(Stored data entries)
⁂
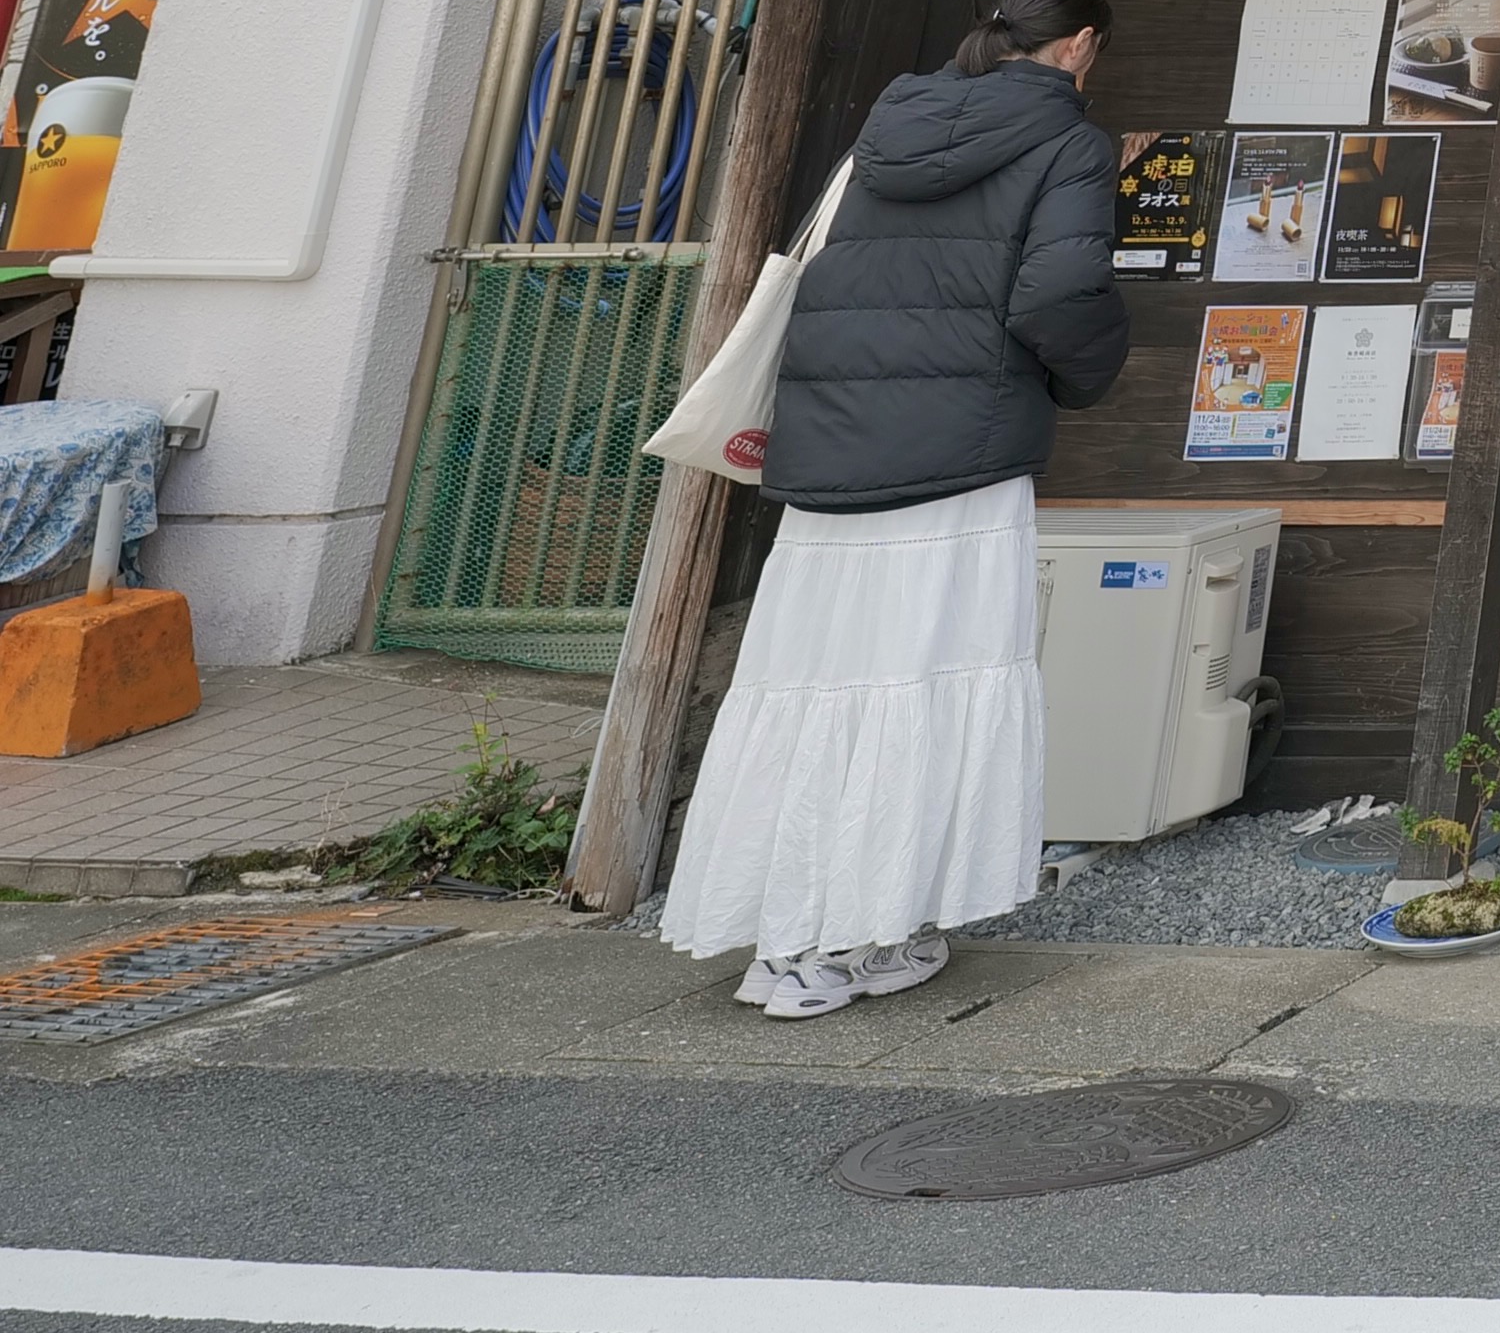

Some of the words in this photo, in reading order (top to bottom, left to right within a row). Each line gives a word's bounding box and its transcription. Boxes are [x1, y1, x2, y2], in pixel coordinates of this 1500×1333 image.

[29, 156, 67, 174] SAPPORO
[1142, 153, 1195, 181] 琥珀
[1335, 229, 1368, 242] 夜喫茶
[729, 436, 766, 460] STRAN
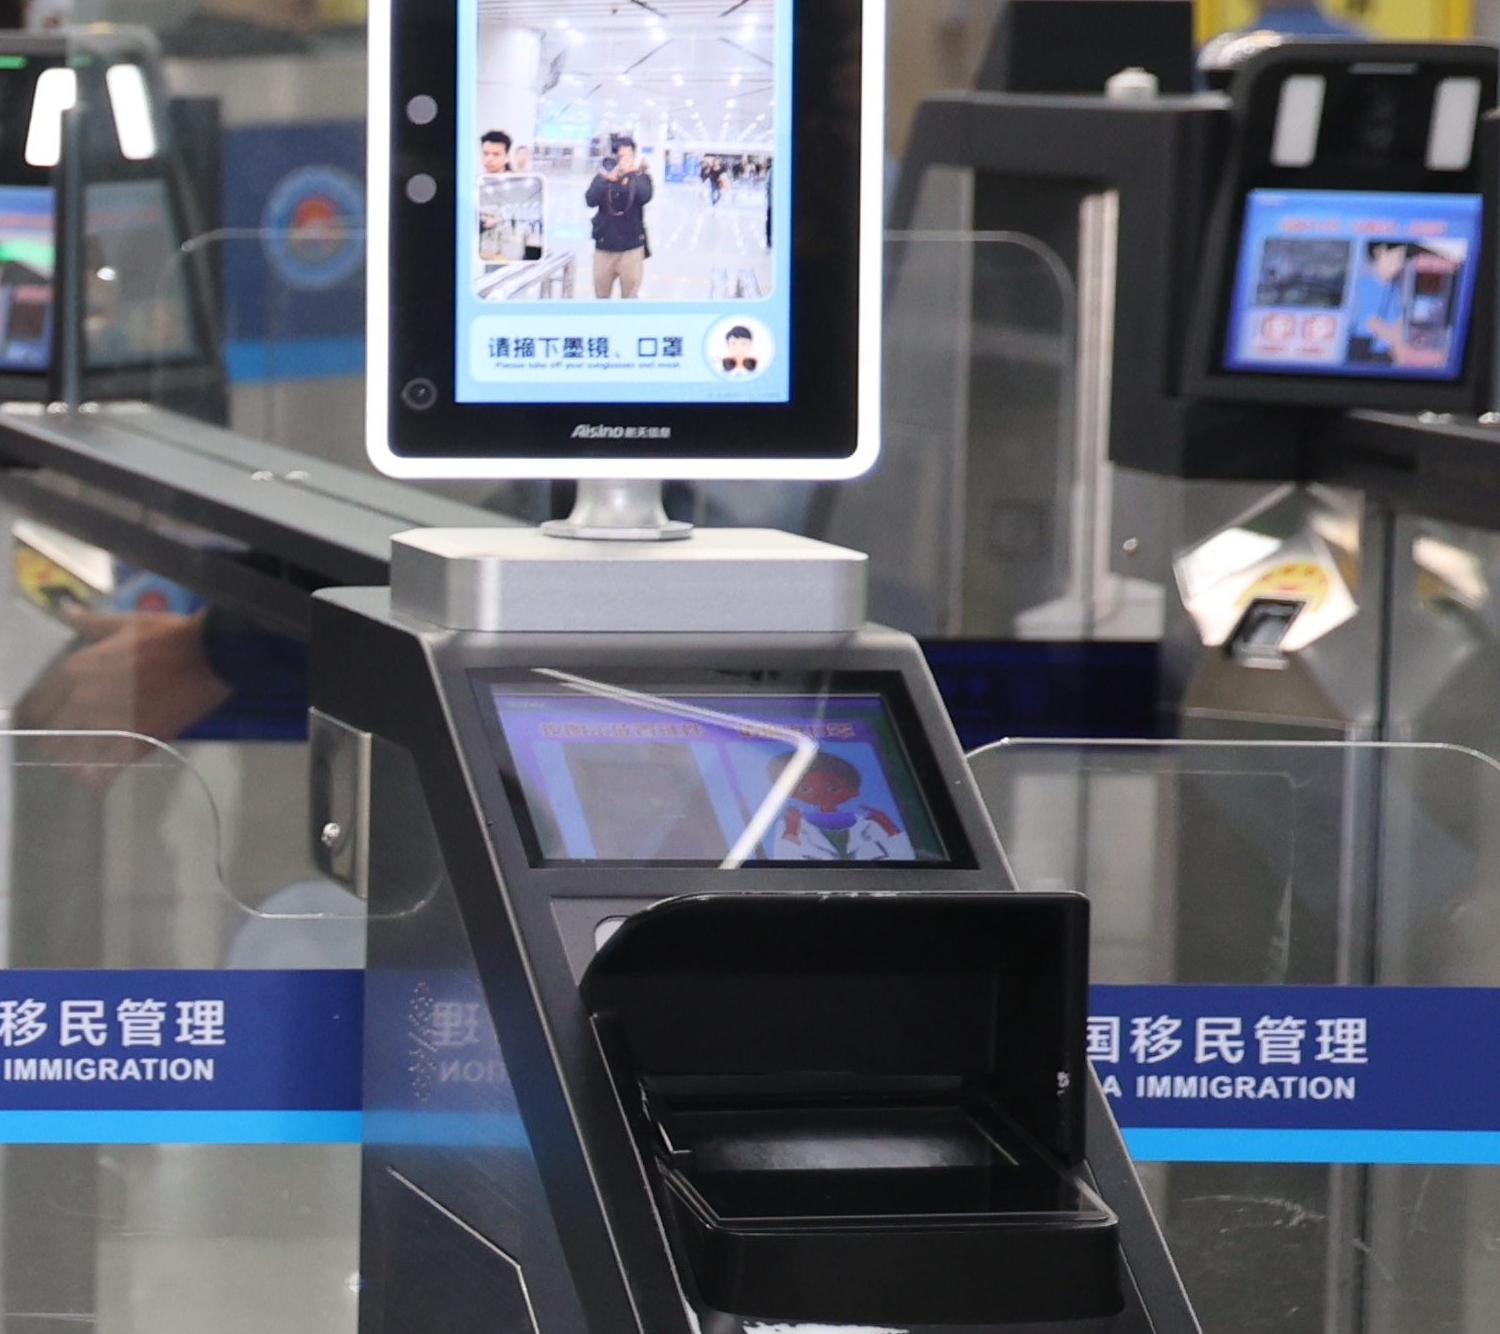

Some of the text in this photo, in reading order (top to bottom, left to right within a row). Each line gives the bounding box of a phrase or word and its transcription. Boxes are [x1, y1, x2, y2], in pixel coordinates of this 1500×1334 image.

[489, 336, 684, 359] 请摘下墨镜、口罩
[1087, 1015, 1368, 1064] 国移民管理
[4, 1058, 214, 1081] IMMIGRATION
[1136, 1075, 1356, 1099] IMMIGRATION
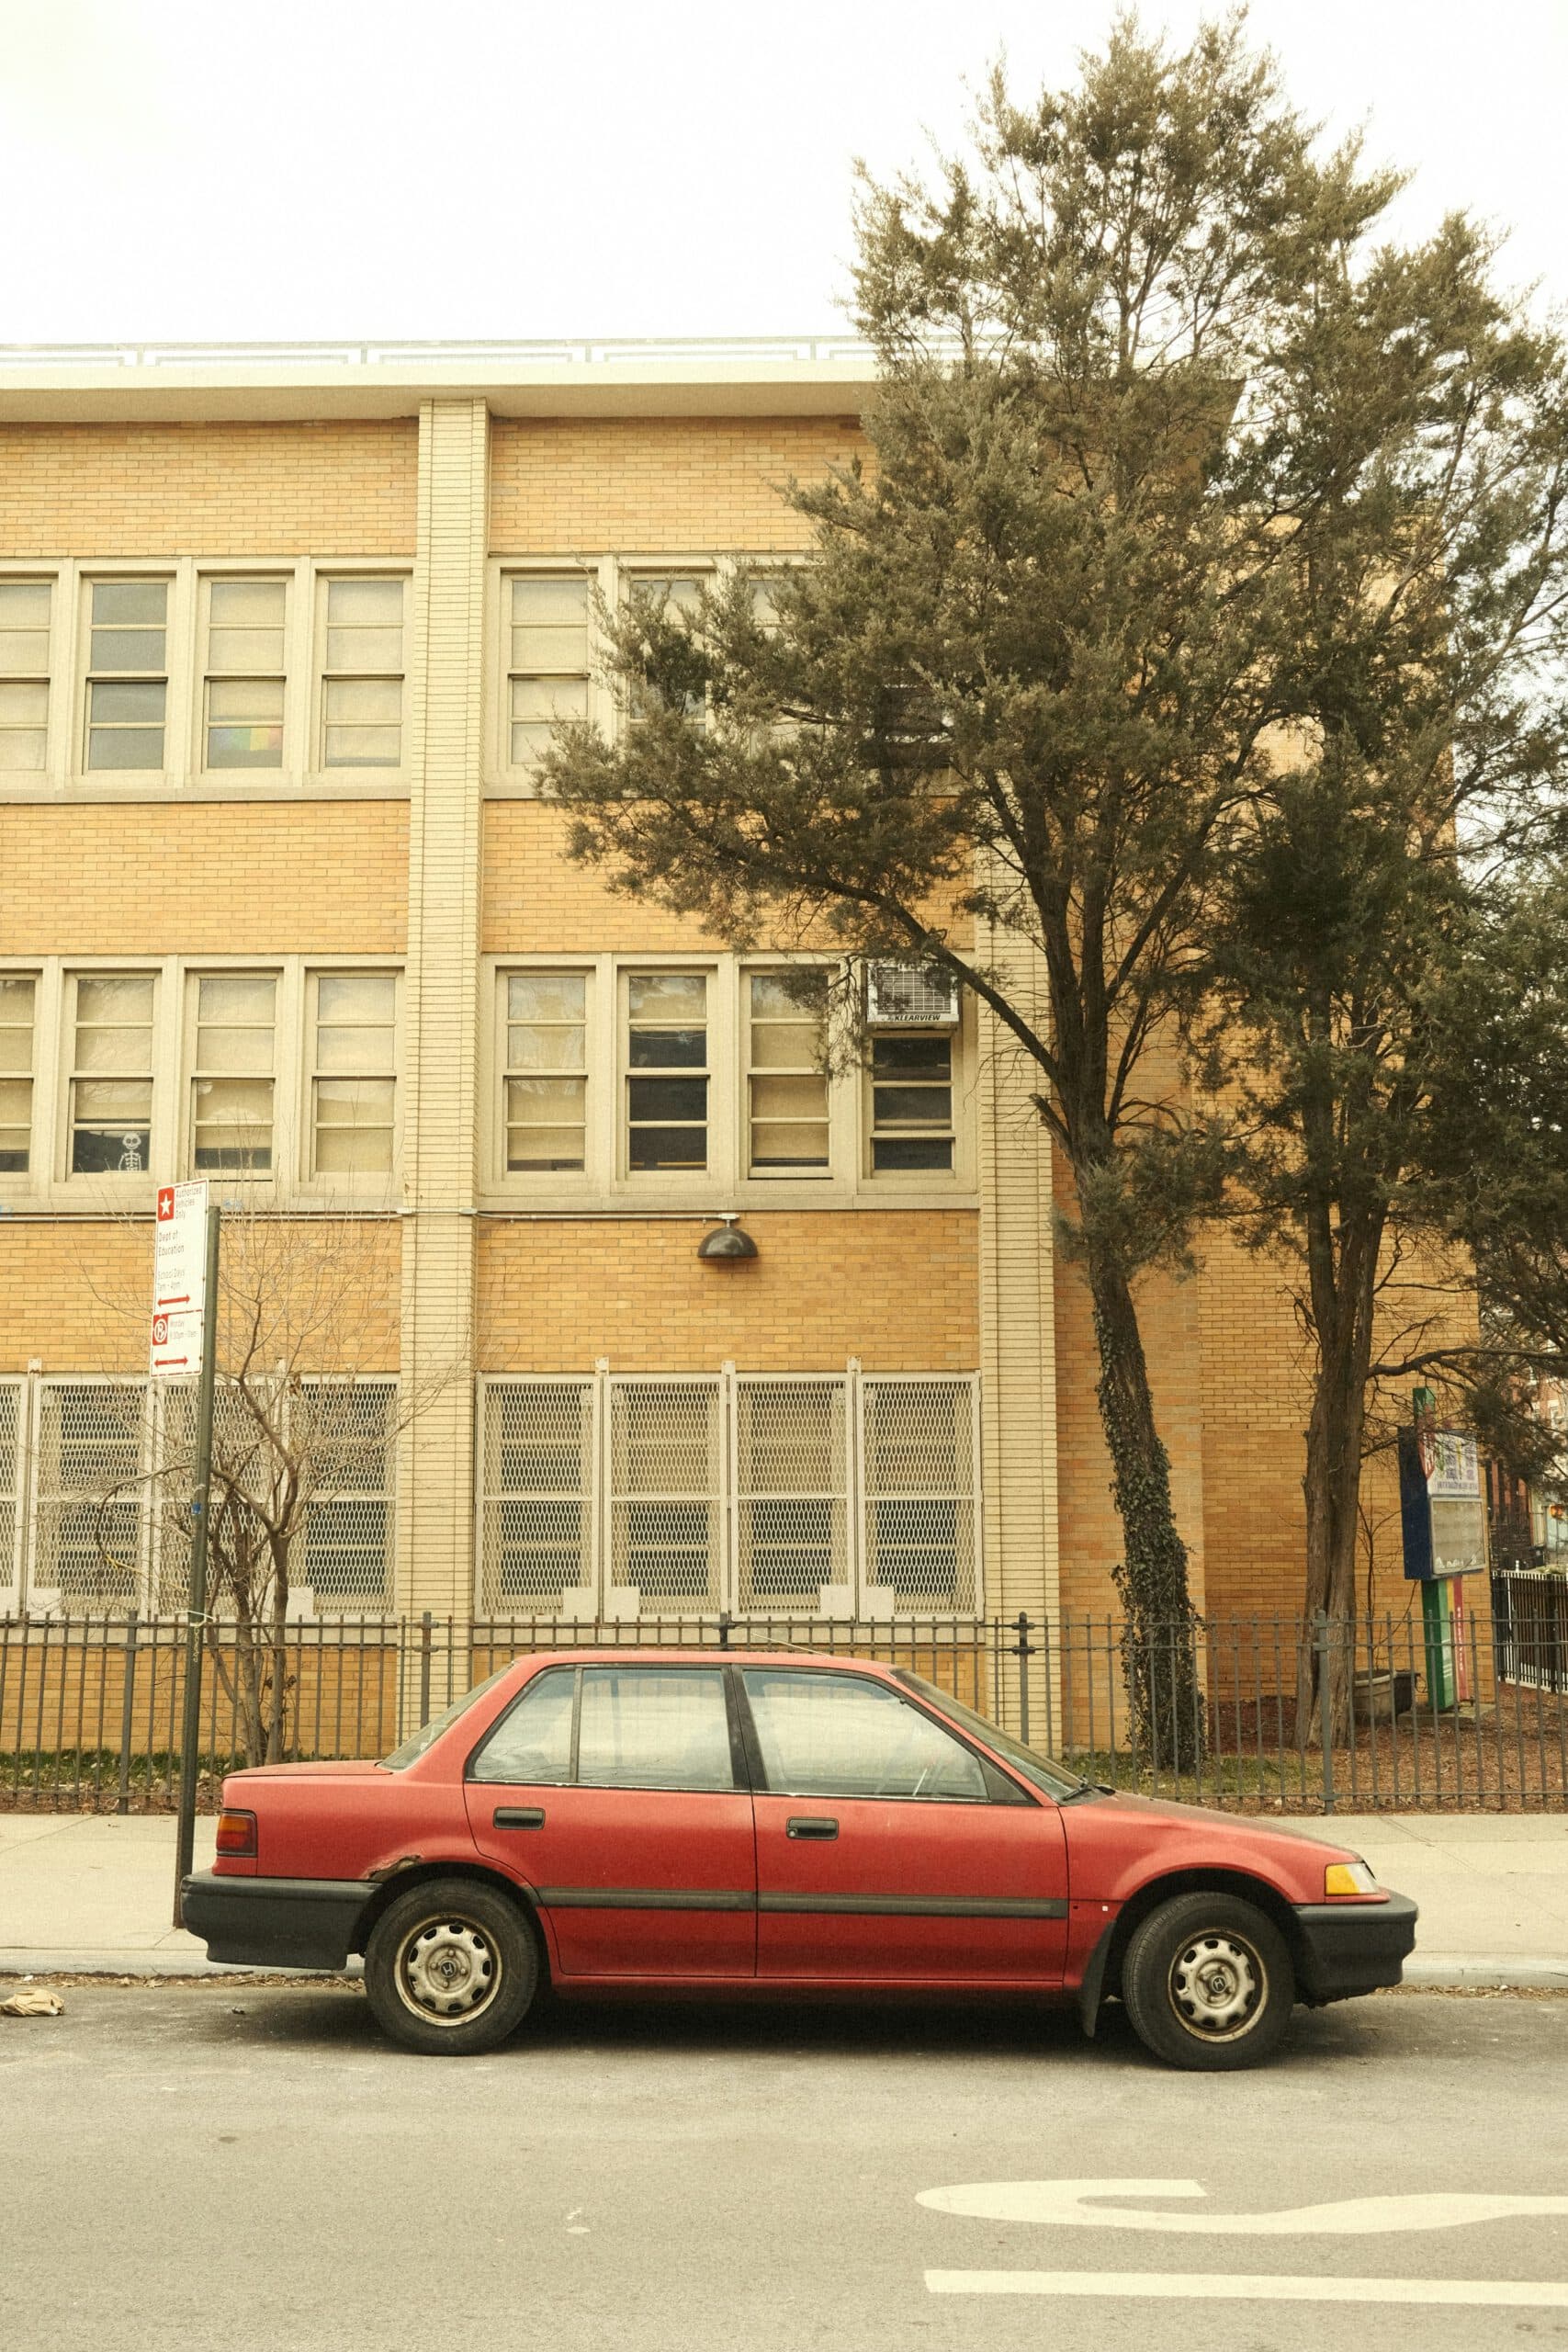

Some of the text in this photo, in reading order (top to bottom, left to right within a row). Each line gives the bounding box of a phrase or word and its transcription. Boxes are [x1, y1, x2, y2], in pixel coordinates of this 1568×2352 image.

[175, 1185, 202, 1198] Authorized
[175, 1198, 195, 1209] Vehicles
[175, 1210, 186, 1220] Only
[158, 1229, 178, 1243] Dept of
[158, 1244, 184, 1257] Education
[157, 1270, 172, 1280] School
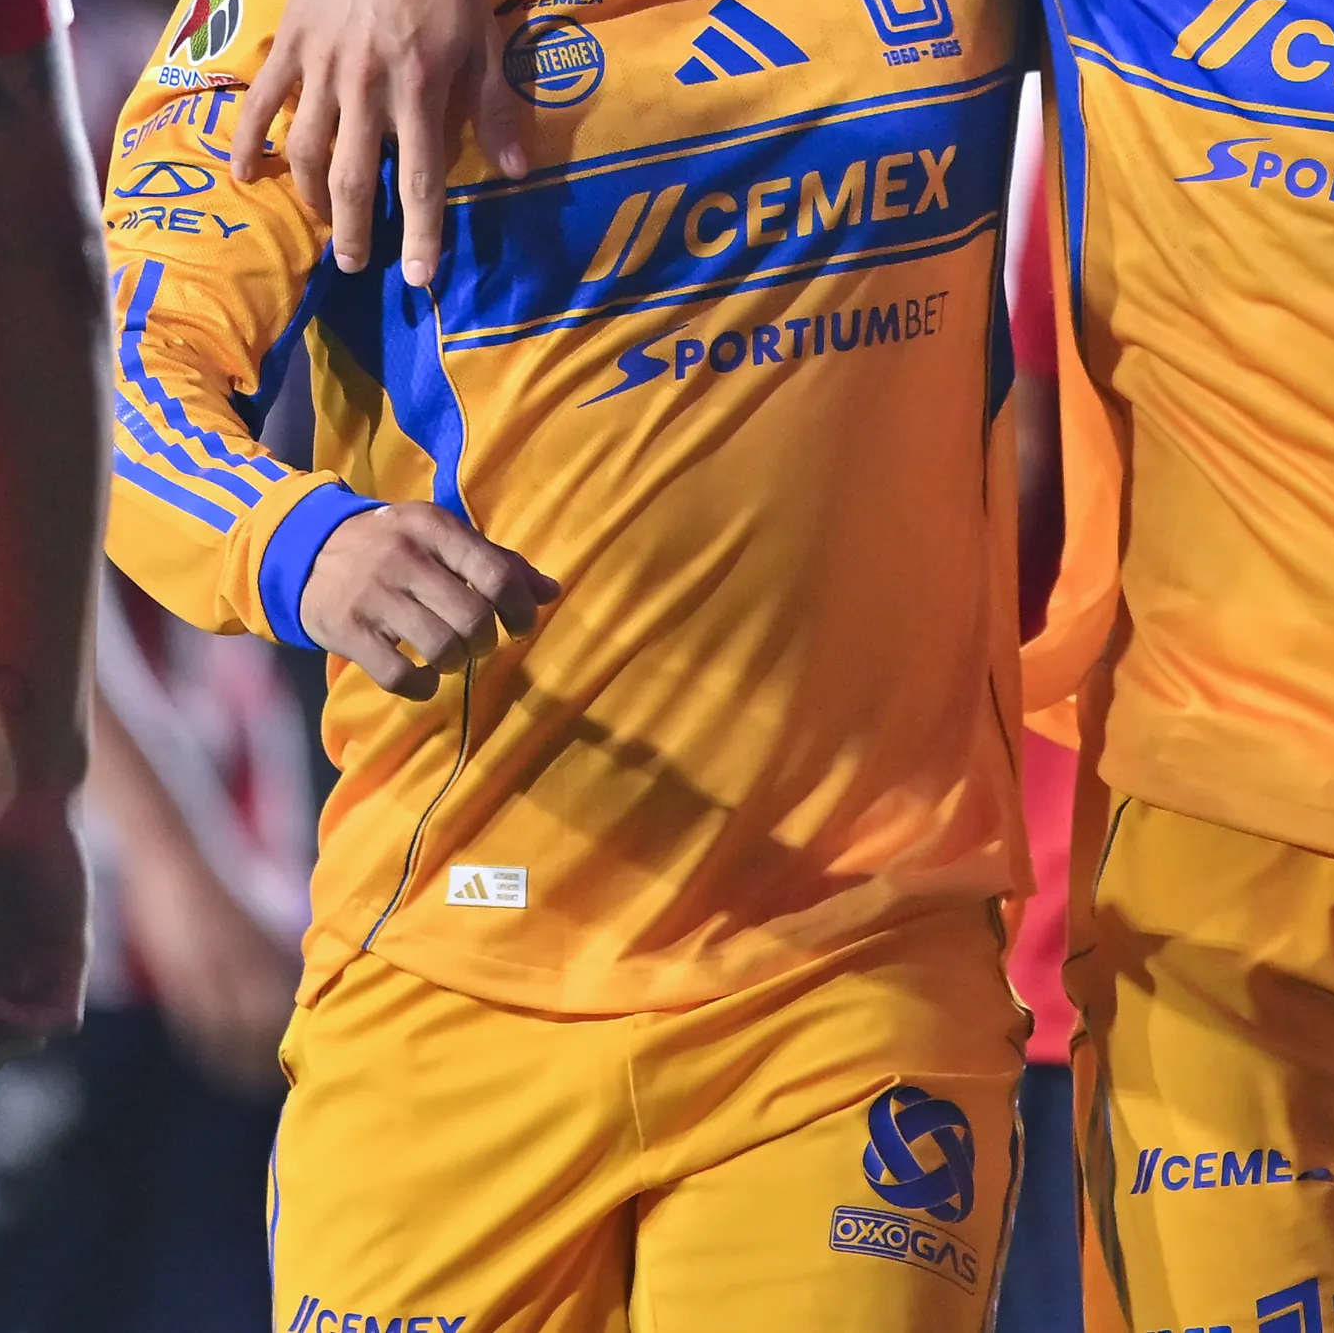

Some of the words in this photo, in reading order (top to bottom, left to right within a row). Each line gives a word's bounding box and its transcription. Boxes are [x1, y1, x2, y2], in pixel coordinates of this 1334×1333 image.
⁂
__EXERCISE PROMPT__. Every line above gets copied exactly; none of the pictures do.

__ANSWER BELOW__.
Some of the words in this photo, in reading order (top to bottom, left to right within a row). Each line gives a word's bounding box and its transcription. Boxes are [x1, y1, x2, y2], in pixel coordinates of this 1500×1333 image.

[29, 156, 67, 174] SAPPORO
[1142, 153, 1195, 181] 琥珀
[1335, 229, 1368, 242] 夜喫茶
[729, 436, 766, 460] STRAN

Some of the text in this photo, in reading order (top to bottom, left to right within a row). Each line gives the bounding box of a phrase or word and its transcription. Boxes are [x1, y1, x2, y2], in pixel coordinates of this 1500×1334 image.

[489, 336, 684, 359] 请摘下墨镜、口罩
[1087, 1015, 1368, 1064] 国移民管理
[4, 1058, 214, 1081] IMMIGRATION
[1136, 1075, 1356, 1099] IMMIGRATION

Some of the text in this photo, in reading order (top to bottom, left to right within a row). Each line gives the bounding box of a phrase or word and its transcription. Boxes are [x1, y1, x2, y2], in pixel coordinates of this 1568×2352 image.

[175, 1185, 202, 1198] Authorized
[175, 1198, 195, 1209] Vehicles
[175, 1210, 186, 1220] Only
[158, 1229, 178, 1243] Dept of
[158, 1244, 184, 1257] Education
[157, 1270, 172, 1280] School

Some of the words in this photo, in reading order (top to bottom, left to right within a row). Each line gives a word's bounding box and its transcription. Boxes are [x1, y1, x2, y2], in pixel coordinates of this 1334×1333 image.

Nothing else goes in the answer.